Eduardo Sampaio (1), Ana Luísa Maulvaut (1,2,3), Vanessa Lopes (3), Pedro Pousão (1), António Marques (1,2), Rui Rosa (3)*
1 Divisão de Aquacultura e Valorização (DivAV), Instituto Português do Mar e da Atmosfera (IPMA, I.P.), Av. Brasília, Lisboa 1449-006, Portugal
2 Interdisciplinary Centre of Marine and Environmental Research (CIIMAR), University of Porto, Rua das Bragas, 289, 4050-123 Porto, Portugal
3 MARE- Marine Environmental Science Centre, Laboratório Marítimo da Guia, Faculdade de Ciências da Universidade de Lisboa, Av. Nossa Senhora do Cabo 939, Cascais 2750-374, Portugal
Methylmercury (MeHg) is an extremely hazardous pollutant, highly accumulating in brain and central nervous system cells. In order to accurately anticipate future neurotoxic effects in fish, warming and acidification must be taken into account. Lateralization produces faster and more efficient responses to external stimuli, e.g. predator avoidance or prey capture.

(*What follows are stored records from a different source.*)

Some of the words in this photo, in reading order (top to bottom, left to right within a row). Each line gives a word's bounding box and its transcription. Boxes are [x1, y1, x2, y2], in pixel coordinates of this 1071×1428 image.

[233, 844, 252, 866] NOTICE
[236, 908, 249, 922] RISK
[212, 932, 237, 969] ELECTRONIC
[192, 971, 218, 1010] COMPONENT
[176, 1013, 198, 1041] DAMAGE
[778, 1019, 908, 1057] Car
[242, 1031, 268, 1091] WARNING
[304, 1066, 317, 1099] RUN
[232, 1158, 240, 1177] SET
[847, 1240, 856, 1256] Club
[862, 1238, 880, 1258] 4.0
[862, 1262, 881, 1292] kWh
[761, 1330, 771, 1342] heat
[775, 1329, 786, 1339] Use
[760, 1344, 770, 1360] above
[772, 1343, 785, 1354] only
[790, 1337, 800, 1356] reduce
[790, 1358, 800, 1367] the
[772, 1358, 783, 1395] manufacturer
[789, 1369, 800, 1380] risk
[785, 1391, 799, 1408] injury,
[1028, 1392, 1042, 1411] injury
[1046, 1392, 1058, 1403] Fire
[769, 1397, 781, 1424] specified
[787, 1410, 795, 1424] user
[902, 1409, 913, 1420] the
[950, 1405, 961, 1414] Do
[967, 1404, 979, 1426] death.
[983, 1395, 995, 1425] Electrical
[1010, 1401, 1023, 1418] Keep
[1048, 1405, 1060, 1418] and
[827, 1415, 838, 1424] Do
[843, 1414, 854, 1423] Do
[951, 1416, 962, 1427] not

Flatfish use the bottom as camouflage, to avoid being detected by predators and preys. Consequently, disruption in bottom-choosing ability and lateralization may prove disastrous at an ecological level. Thus, we assessed effects on behaviour processes stemmed from MeHg contamination, subjected to warming and acidification stressors, in S. senegalensis.

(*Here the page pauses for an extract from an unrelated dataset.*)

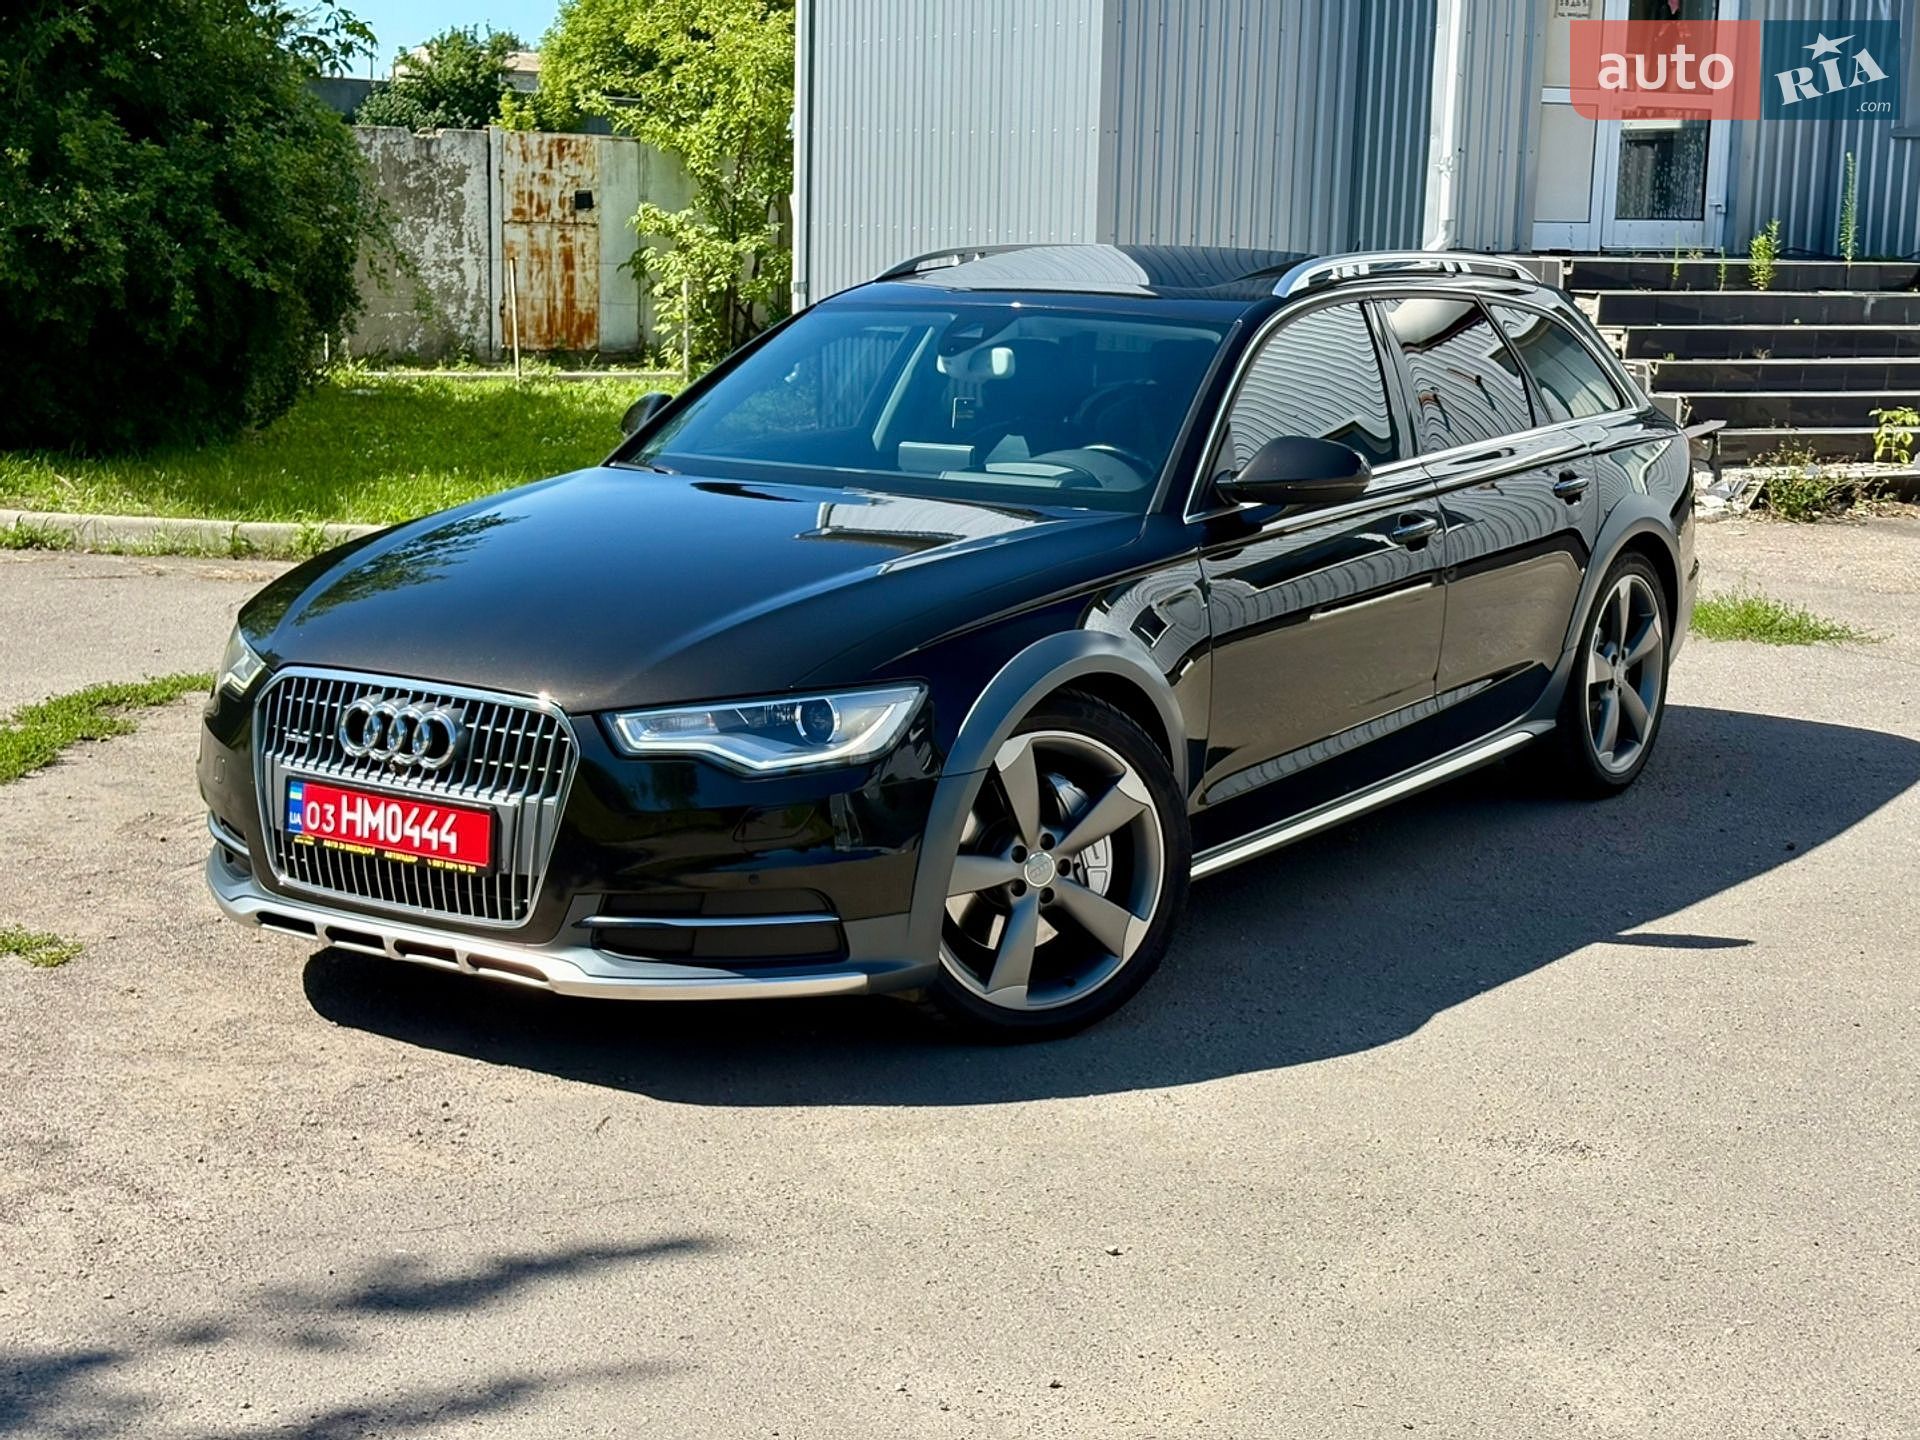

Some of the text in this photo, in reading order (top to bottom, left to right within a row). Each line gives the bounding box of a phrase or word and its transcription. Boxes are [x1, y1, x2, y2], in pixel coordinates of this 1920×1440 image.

[289, 812, 302, 825] UA
[306, 794, 457, 854] 03 HM0444

During 28 days, S. senegalensis specimens were maintained under three factor crossed treatments: MeHg contaminated feed (uncontaminated: 0.60 µg g-1, contaminated: 8.01 µg g-1), pH (ambient CO2: 8.0, high CO2: 7.6), and temperature (ambient: 19ºC, high: 23ºC). Behaviour was assessed by calculating absolute (individual level) and relative (population level) lateralization using a detour test, as well as by habitat preference, measuring time spent (maximum 180 minutes) between two habitats: simple and complex (all tests, n=10 fish/treatment).
MeHg intake correlated with increased time spent in complex habitat, where fish could not camouflage or hide efficiently. In addition, intake of MeHg reduced absolute lateralization on each fish, consequently leading to complete loss of lateralization at populational level. Acidification also led to increased time spent in complex habitat, but only in uncontaminated treatments. Finally, temperature and acidification may interact with MeHg in reducing absolute lateralization.
MeHg intake reported major negative effects on both behavioural parameters tested. Climate change may also play a minor role in modulating individual fish lateralization. Regarding habitat preference, acidification effects are downplayed in the presence of MeHg. Disruption of these important behavioural processes may lead to a significant decrease in the ecological fitness of S. senegalensis.